Он открыл дверь карцера. Когда меня ввели в карцер, оттуда наружу бросилось двое хихикающих юнцов. Дверь закрылась, и я осталась одна во тьме. Я подошла к окошку в двери. Вдали виднелся тусклый свет, но его лучи не попадали ко мне. Я не осмеливалась шагнуть назад, так как чувствовала, что пол покрыт отбросами. Не было ни скамьи, ни каких-либо удобств. Пол был глинобитный, издававший запах сырости.

За дверью, на соломенном матрасе, лежал старый солдат в военной шинели, наброшенной на голое тело, и в опорках на ногах. Он спал, и его громкий храп разносился по коридору. Чуть погодя послышался писклявый голос:

– Дядя Нонкин, дядя Нонкин! Дай спичку, дядя Нонкин!

Голоса становились громче, и наконец старик проснулся и спросил, в чем дело. У него снова попросили спичку. Маленький, старый, полуголый дядя Нонкин встал и дал просителям спички. Я спросила его, что он здесь делает.

– Я караулю вас, – ответил он. – Я – николаевский солдат. Тюремщик нанял меня за два рубля в месяц стеречь вашу камеру день и ночь. Тюремщики очень заняты, а их только двое. Вот они и наняли меня.

Как только старик снова захрапел, озорные мальчишки опять закричали, требуя спичек. (Так они мучили старика все ночи подряд, пока сами не засыпали.)

Я стояла перед зарешеченным окошком камеры, размышляя о своем положении. Оно не казалось мне ужасным. В сущности, оно меня даже забавляло, но ни тогда, ни когда-либо впоследствии я так и не могла смириться с мыслью о долгом заключении. Я видела и смешную сторону ситуации, но сейчас меня занимали две главные проблемы: безопасность Стефановича и как вернуть себе свободу.

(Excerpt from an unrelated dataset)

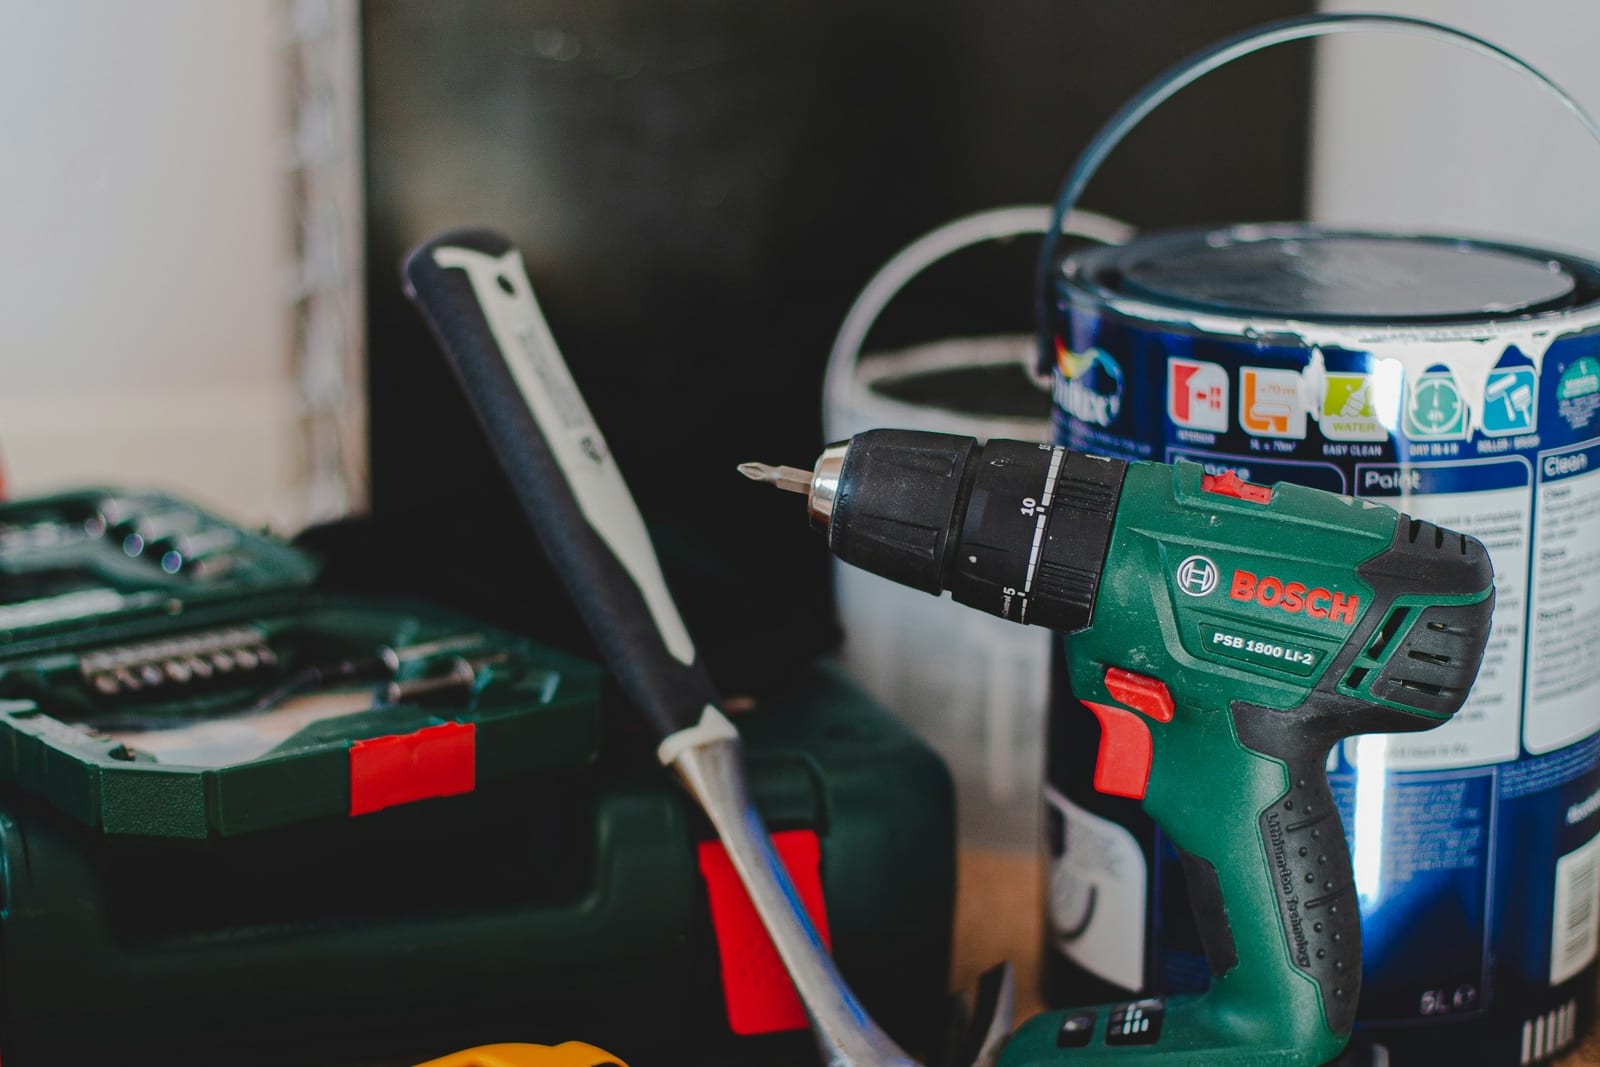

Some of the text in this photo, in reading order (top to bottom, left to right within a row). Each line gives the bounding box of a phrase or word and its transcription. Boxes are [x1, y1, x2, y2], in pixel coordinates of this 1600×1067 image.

Так я и стояла, вспоминая свои испытания, когда неожиданно в отверстие просунулась рука со стаканом чаю на блюдце. «Совсем как в романе», – подумала я. Наклонившись, я выглянула в отверстие. В коридоре стоял хорошо одетый молодой человек. Он улыбнулся и передал мне чай. Я спросила его, кто он такой и зачем принес мне чай.

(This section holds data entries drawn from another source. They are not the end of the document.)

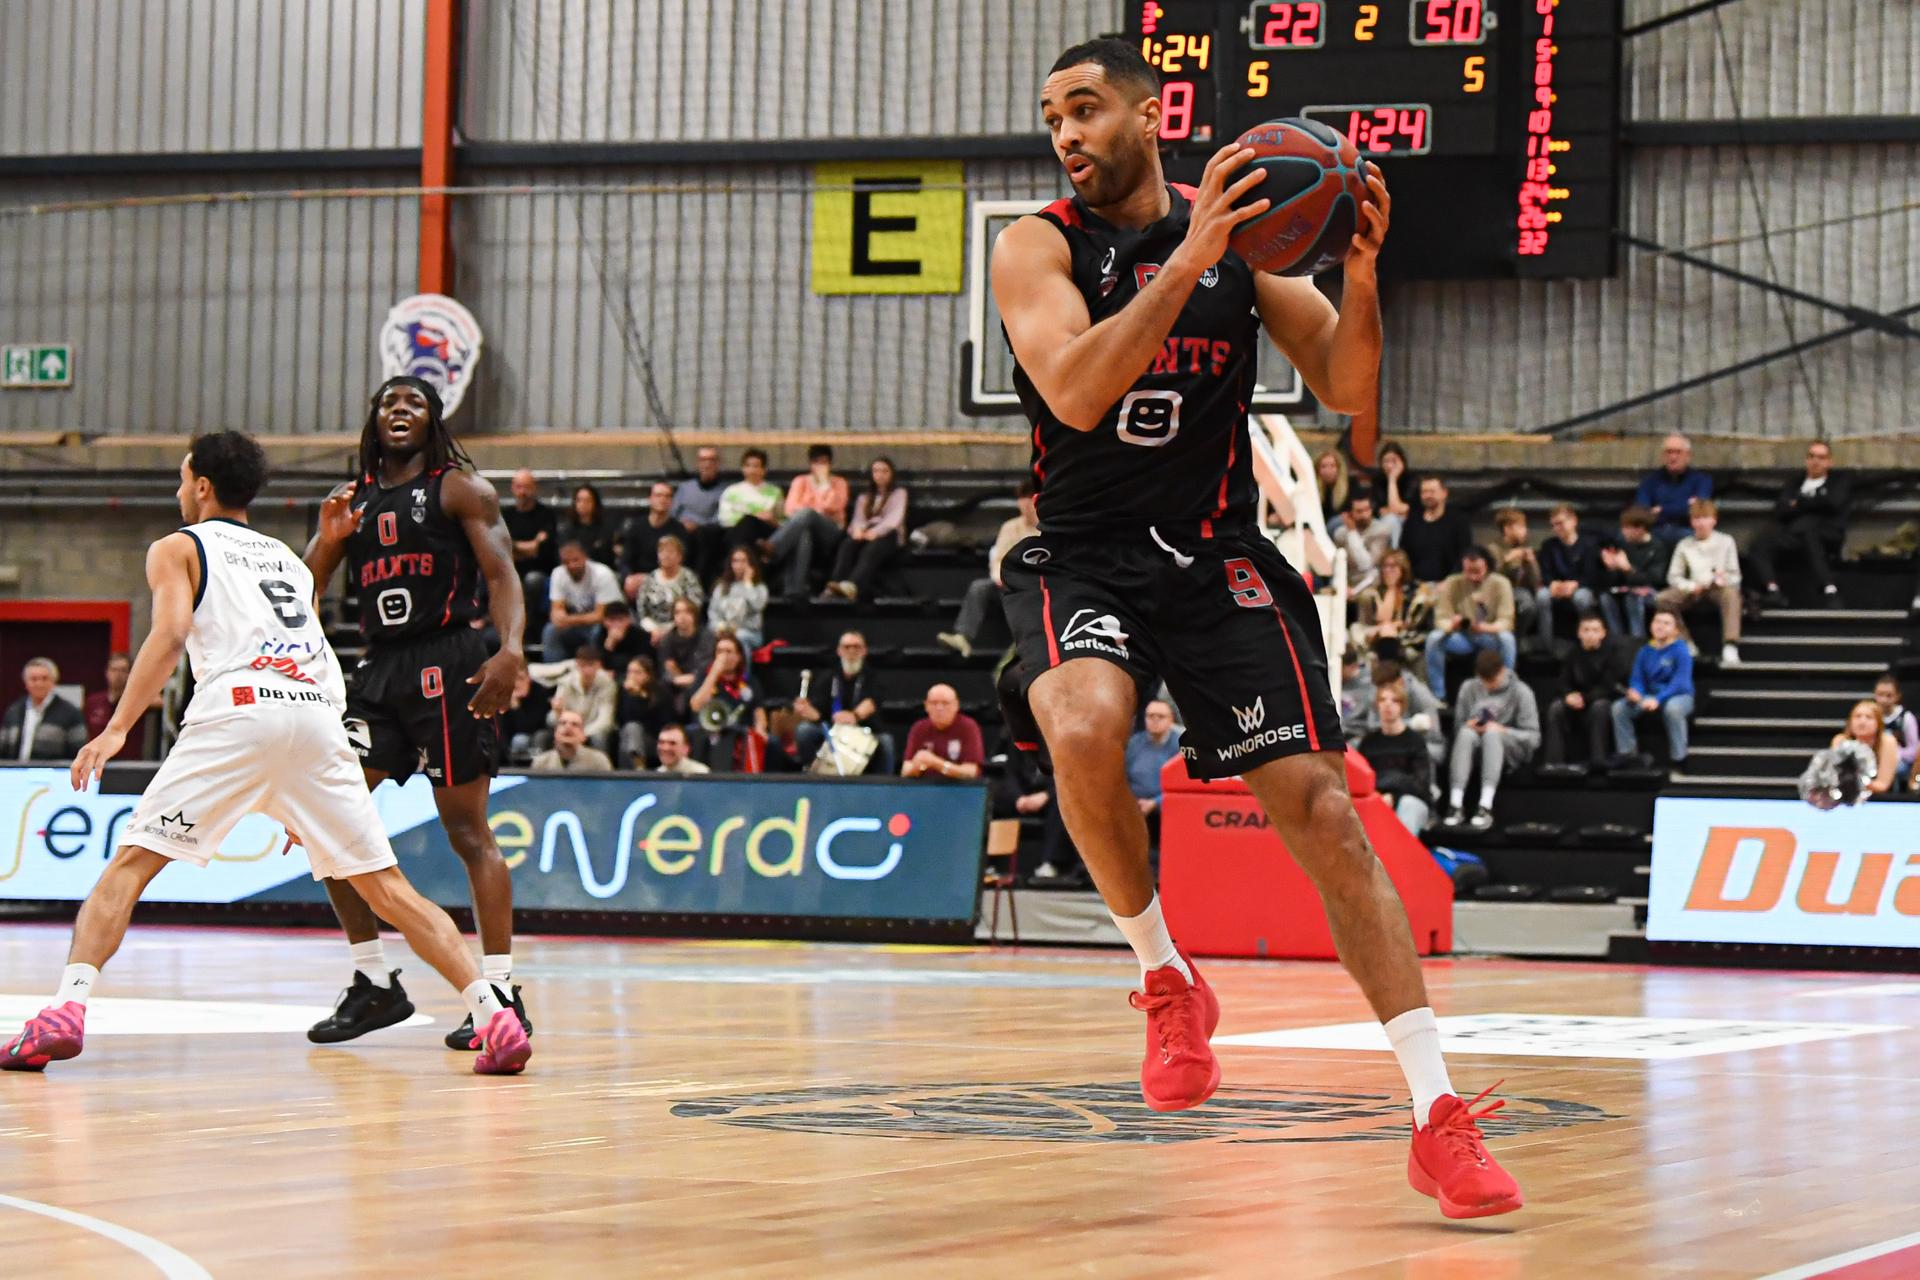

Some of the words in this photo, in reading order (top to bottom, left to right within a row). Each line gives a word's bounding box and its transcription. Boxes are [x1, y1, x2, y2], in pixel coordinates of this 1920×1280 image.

[1264, 3, 1319, 47] 22
[1354, 5, 1379, 41] 2
[1425, 0, 1481, 42] 50
[1543, 14, 1554, 36] 1
[1142, 35, 1210, 73] 1:24
[1536, 38, 1552, 62] 5
[1247, 61, 1270, 97] 5
[1463, 56, 1486, 92] 5
[1535, 62, 1552, 85] 8
[1536, 86, 1552, 109] 9
[1348, 108, 1425, 152] 1:24
[1528, 110, 1552, 133] 10
[1527, 135, 1551, 157] 11
[1527, 157, 1549, 181] 13
[852, 176, 922, 276] E
[1518, 230, 1548, 254] 32
[1147, 337, 1231, 377] NTS
[377, 511, 398, 546] 0
[1224, 557, 1274, 608] 9
[259, 579, 308, 629] 6
[259, 687, 284, 699] DB
[287, 691, 331, 707] VIDE
[421, 666, 443, 699] 0
[1217, 724, 1306, 762] WINDROSE

– Я тоже заключенный, – сказал он. – Меня приговорили к полутора годам тюрьмы за то, что я высек станового моего поместья. Я знаю всех в городе и прихожу в тюрьму только на ночь. Я сижу в камере для дворян. Она большая и светлая, и, кроме меня, там никого нет. Я получаю дворянский паек, но не ем его, поскольку обедаю в городе. Я подкупил тюремщика, и он закрывает глаза на мое поведение. Постараюсь помочь вам всем, чем возможно.

Поклонившись, он пошел прочь. Я выпила чай. Подняв глаза, я увидела, что в окошко всунута крохотная подушка в чистой наволочке. Я устала стоять и поэтому села на пол, прислонившись к двери и подложив подушку под голову, но через несколько минут вскочила на ноги. Меня покрывали насекомые; тело чесалось с головы до ног. Было невозможно ни заснуть, ни даже просто стоять. К утру в коридоре посветлело, и я смогла разглядеть стены камеры. Я увидела, что раньше здесь было окно, но его заложили кирпичами. Очевидно, заключенные пытались вытащить кирпичи, так как пол был усыпан их обломками и кучами мокрой вонючей глины.

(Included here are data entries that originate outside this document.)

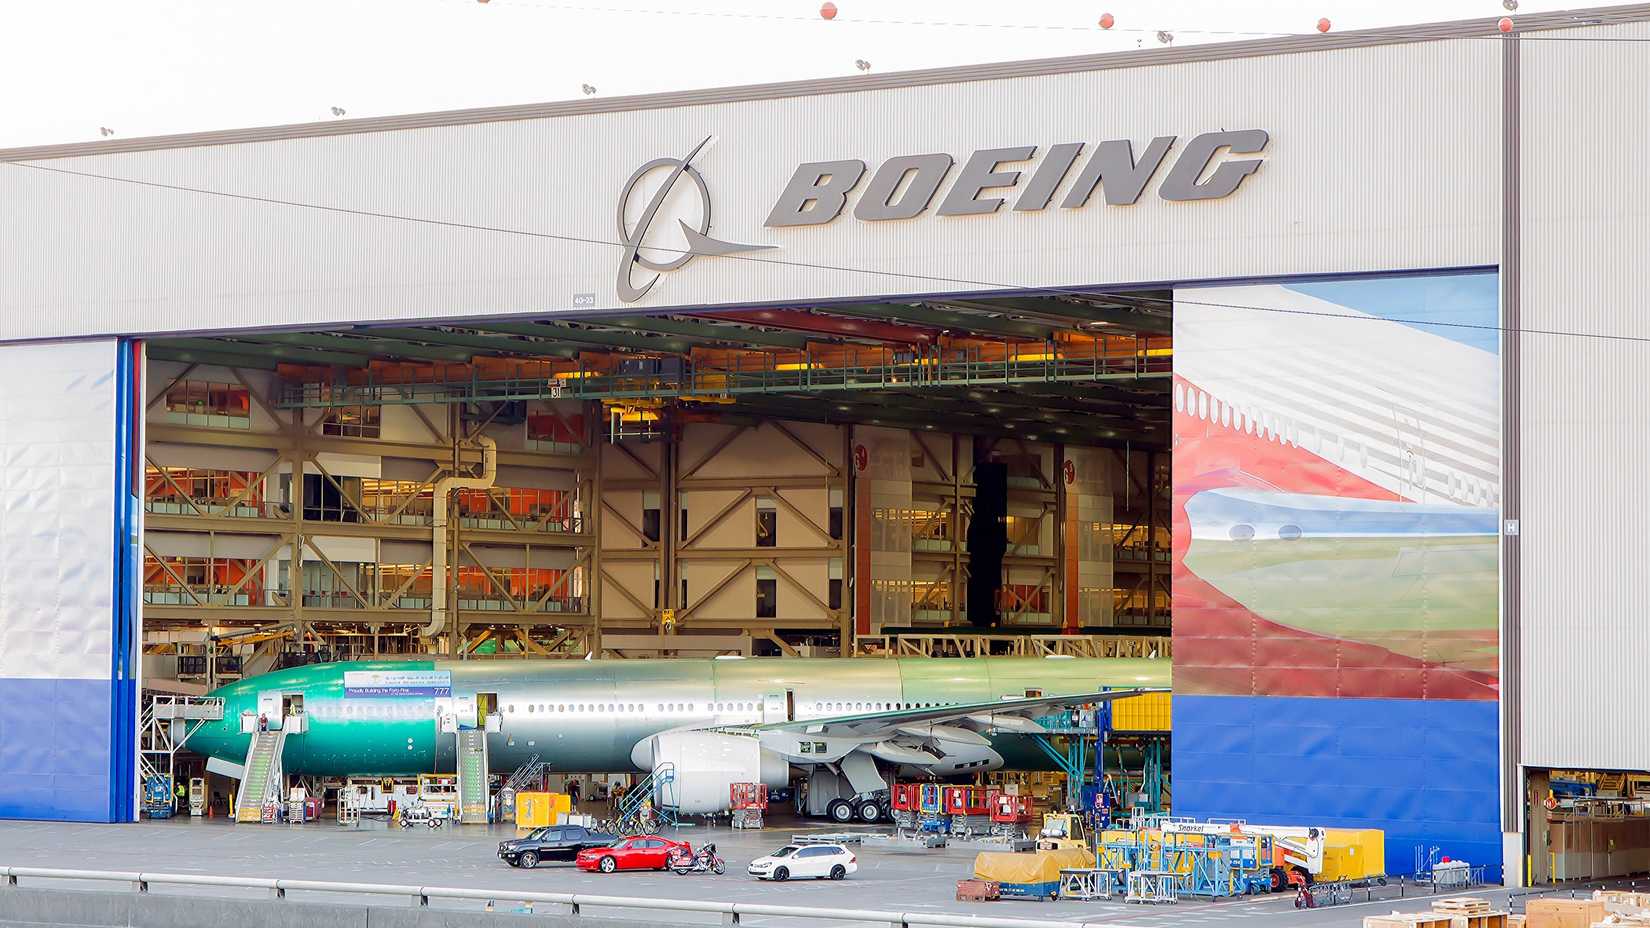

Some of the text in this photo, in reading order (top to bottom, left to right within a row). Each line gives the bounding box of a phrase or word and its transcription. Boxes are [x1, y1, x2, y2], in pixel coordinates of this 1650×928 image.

[764, 129, 1270, 227] BOEING
[552, 387, 560, 398] 31
[1508, 523, 1514, 532] H
[433, 688, 449, 696] 777
[1178, 824, 1204, 832] Snorkel

– Почему меня держат в этой камере? – спросила я у тюремщика.

– Не знаю, – ответил он. Это был отставной солдат – хитрый, коварный, рыжеволосый негодяй и, как я узнала позже, гроза узников, особенно женщин.

«Ладно, – подумала я. – Поляк все расскажет».

Тот вскоре пришел, принес мне чай и объяснил, что меня держат в карцере незаконно, опасаясь, что я могу сбежать. Он сказал, что брацлавские власти высоко ценят свою неожиданную добычу и боятся, что могут остаться без награды.

– Я скажу им, чтобы перевели вас в светлую камеру. Там есть нары, вам нужно будет только попросить соломы. До свидания, мне нужно идти в город, на службу. Меня выпускают из тюрьмы, потому что я работаю. Я немного помогаю чиновникам, чтобы они оставили меня в покое. Тюремщик получает за это мзду… Вам принесут мой обед. До свидания.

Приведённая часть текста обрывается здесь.